Gluten and yeast free

It has been quiet here on the blog for the last few weeks. And yet, comments came in every day on my last post , all of which touched me very much. Exactly a week after this post was published, I was holding my mother’s hand as she took her last breath. She was lying on the sofa in her beautiful living room, “like a queen,” as her family doctor once remarked. The days and weeks before had been very difficult and heartbreaking, but also intense and full of love. Many people who were close to me have died in my life. But I never had the opportunity to prepare to say goodbye and to hold her hand until the end. I am infinitely grateful for this experience. It took away the fear of death that has accompanied me all my life since my father died very early and suddenly. This time I was allowed to be there consciously in every moment, to breathe through the pain, to be grateful and to dedicate myself to my mother with all my heart and all my might. That was very nice and changed me on a deep level. I can’t say exactly how yet, but since her death there has been great calm and strength and love in me. I experience the loss of no longer being able to hold her in my arms, of being able to write messages or send her photos. But at the same time I feel enveloped and comforted by her, quite inexplicable, but good.

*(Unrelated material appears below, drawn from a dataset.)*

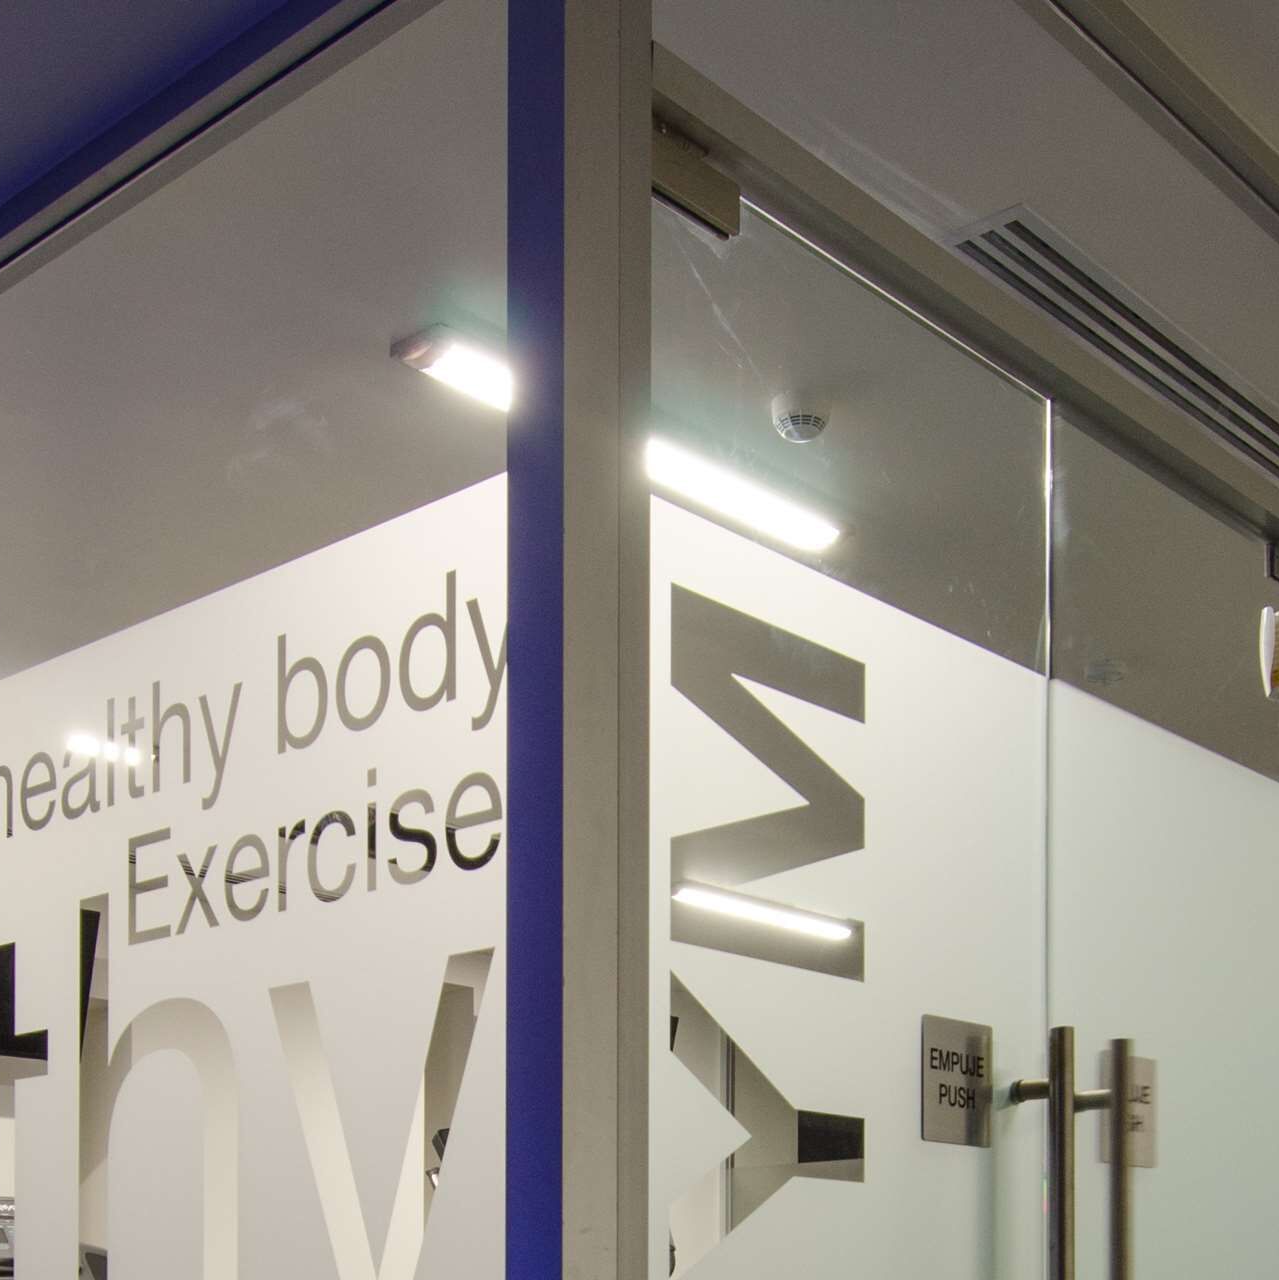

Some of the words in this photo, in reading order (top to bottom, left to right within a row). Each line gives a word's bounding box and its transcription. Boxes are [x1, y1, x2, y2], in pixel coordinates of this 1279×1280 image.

Actually, I would write my Valentine’s Day post today. And in the end I do that too, because at the moment of dying there is one thing that matters above all else: love. Shortly before the funeral service for my mother – or celebration of life, as a dear friend put it much more accurately – I read that the Indo-European root of the word “courage” also means “the willingness to feel”. I find this meaning beautiful. Because how often do we try to numb or distract ourselves so as not to feel. But when we are ready to be really present in the moment, no matter how hard, sad or disturbing it may be, we are rewarded with a new intensity that makes life fuller and more colorful. My mother and I – we were ready to feel at the end of our earthly life. We were very open to each other. A few days before her death, my mother said: “I feel like my insides are inside.” Not only was it pleasant to be so open. But for me it was the greatest gift. And this willingness to feel is still one of the most important guard rails in life for me. Because without this willingness, life tastes bland and loses all of its colourfulness. Dealing with death can help us become more courageous and feel more deeply – ultimately, death helps us really live.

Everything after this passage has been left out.